> [DATA TO EXAMINE]
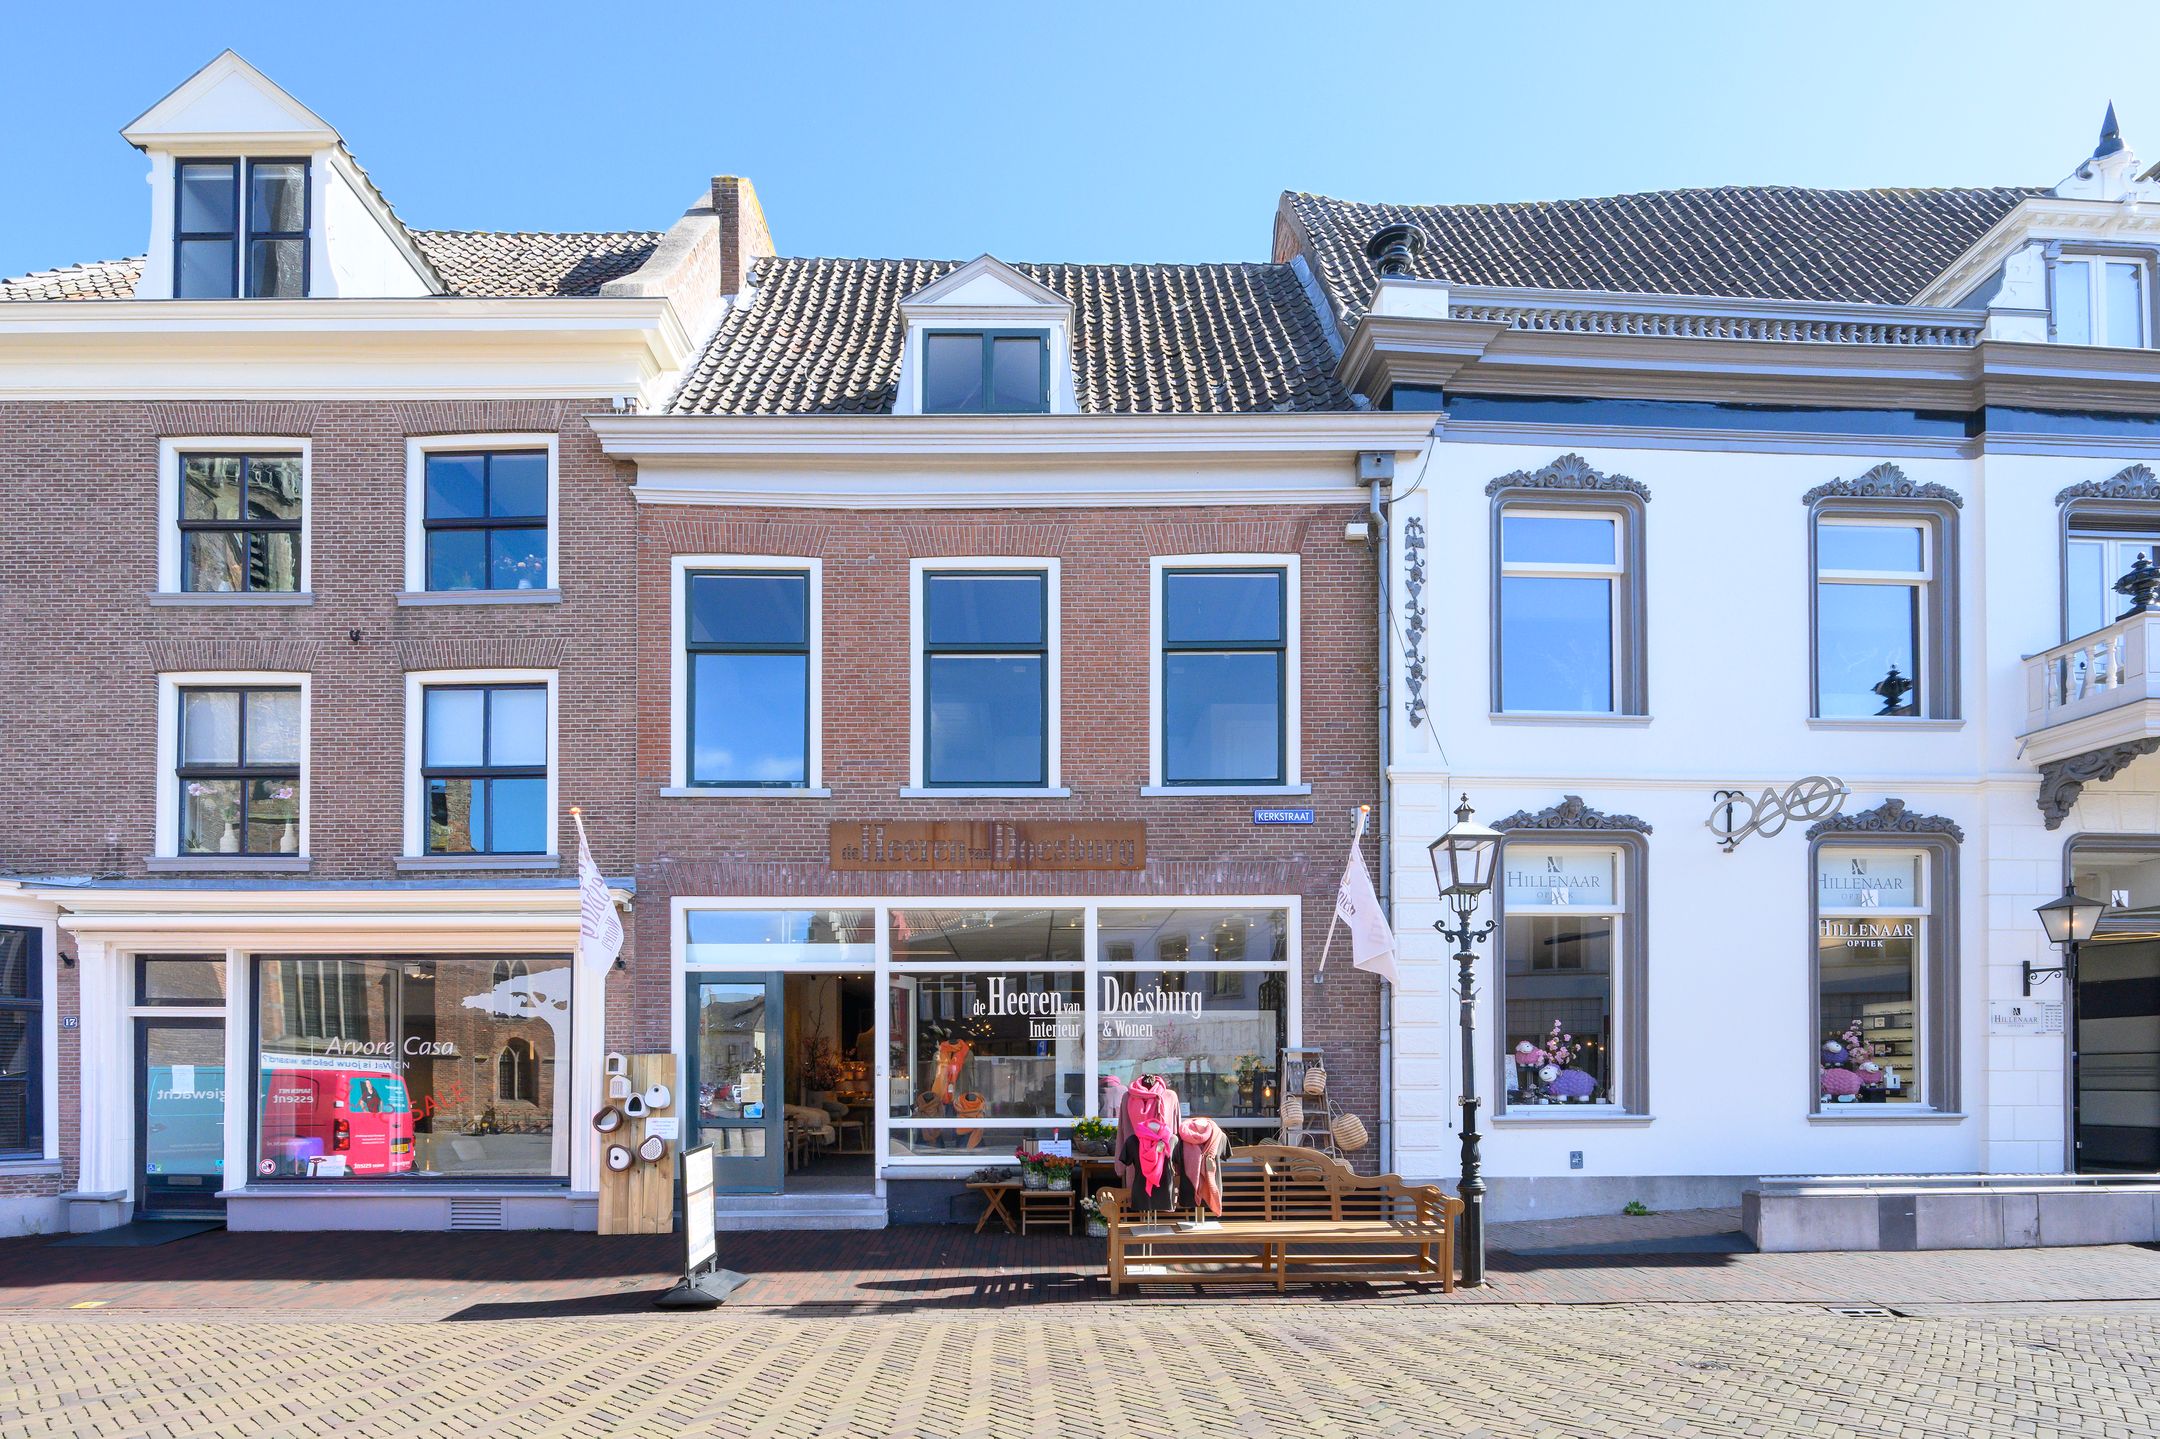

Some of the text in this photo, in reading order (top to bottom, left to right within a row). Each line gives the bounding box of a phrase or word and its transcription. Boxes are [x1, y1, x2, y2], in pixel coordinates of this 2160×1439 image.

[1258, 812, 1310, 821] KERKSTRAAT
[841, 822, 1135, 866] de Heeren van Doesburg
[1507, 871, 1600, 888] HILLENAAR
[1818, 919, 1914, 937] HILLENAAR
[1847, 939, 1884, 948] OPTIEK
[973, 976, 1202, 1019] de Heeren van Doesburg
[1029, 1020, 1153, 1038] Interieur & Wonen
[325, 1036, 455, 1055] Arvore Casa
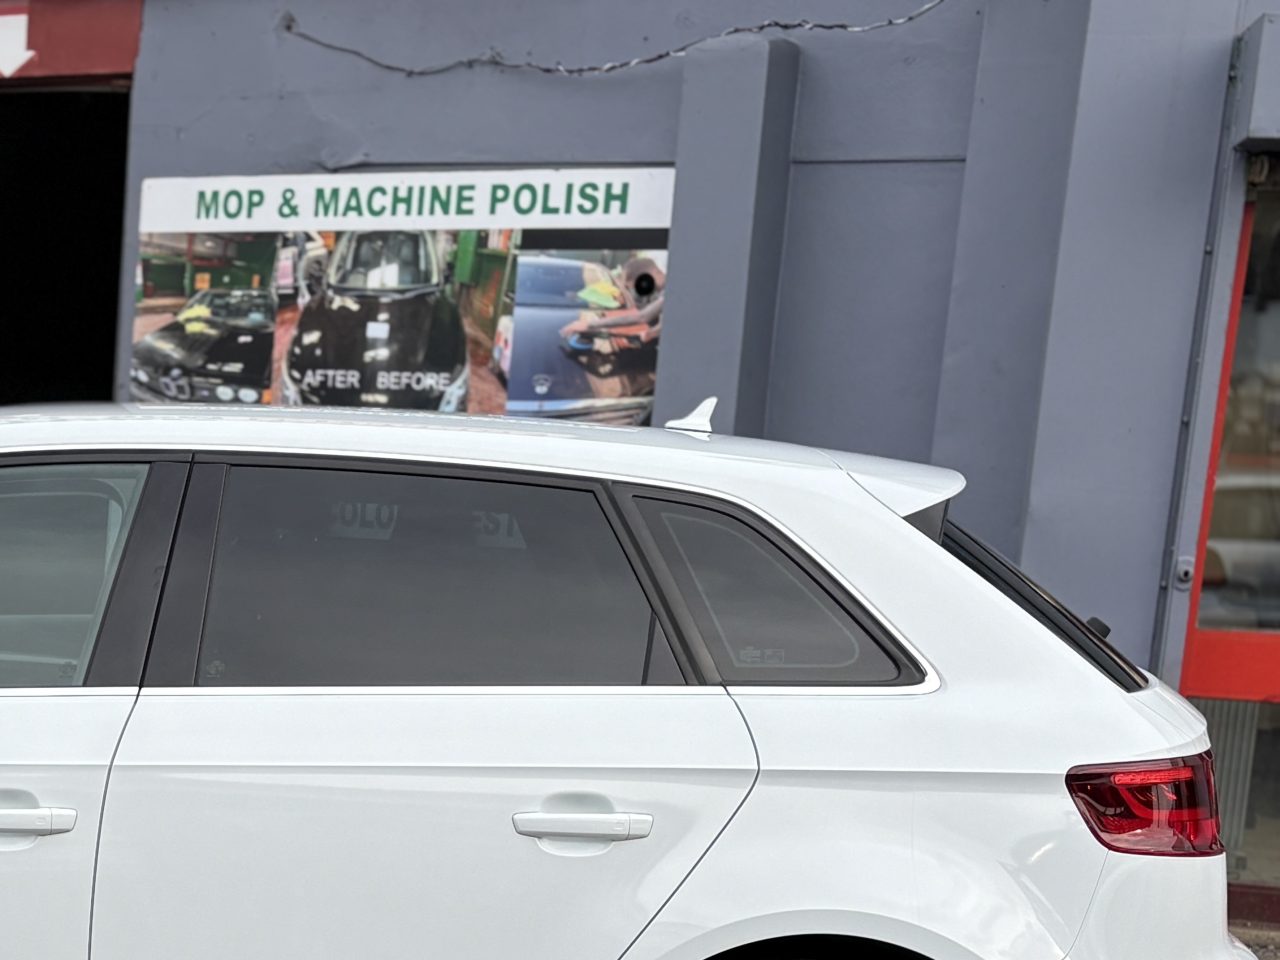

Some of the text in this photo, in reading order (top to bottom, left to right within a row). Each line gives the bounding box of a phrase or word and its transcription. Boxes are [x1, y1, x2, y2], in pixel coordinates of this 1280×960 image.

[196, 181, 630, 221] MOP & MACHINE POLISH
[301, 369, 451, 391] AFTER BEFORE
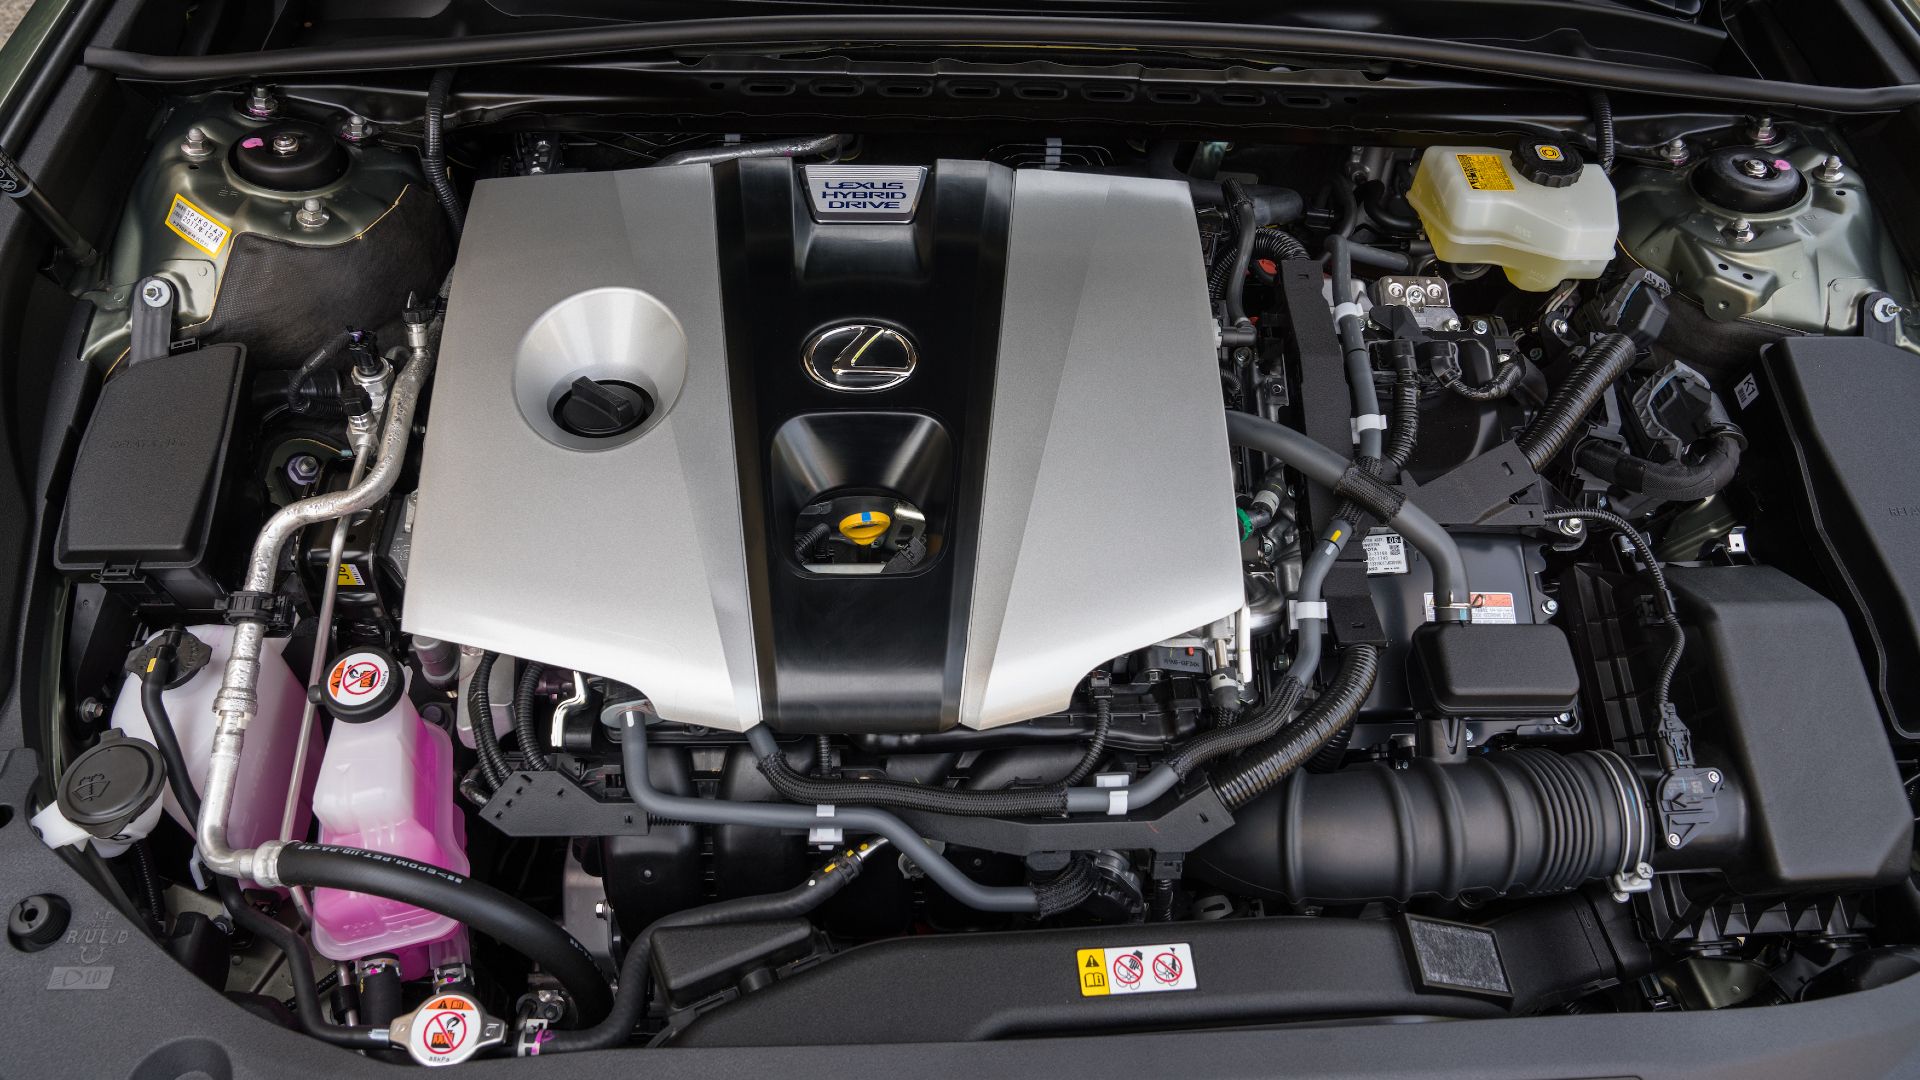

> [REQUIRED ACTION]
Would you mind transcribing the material exactly, without the pictures?

> [TASK OUTPUT]
Some of the text in this photo, in reading order (top to bottom, left to right within a row). Each line gives the bounding box of a phrase or word and its transcription. Boxes are [x1, y1, x2, y2], in pixel coordinates of this 2160×1439 image.

[1258, 812, 1310, 821] KERKSTRAAT
[841, 822, 1135, 866] de Heeren van Doesburg
[1507, 871, 1600, 888] HILLENAAR
[1818, 919, 1914, 937] HILLENAAR
[1847, 939, 1884, 948] OPTIEK
[973, 976, 1202, 1019] de Heeren van Doesburg
[1029, 1020, 1153, 1038] Interieur & Wonen
[325, 1036, 455, 1055] Arvore Casa

Some of the text in this photo, in reading order (top to bottom, left to right within a row). Each line gives the bounding box of a phrase or word and its transcription. Boxes are [x1, y1, x2, y2], in pixel coordinates of this 1280×960 image.

[196, 181, 630, 221] MOP & MACHINE POLISH
[301, 369, 451, 391] AFTER BEFORE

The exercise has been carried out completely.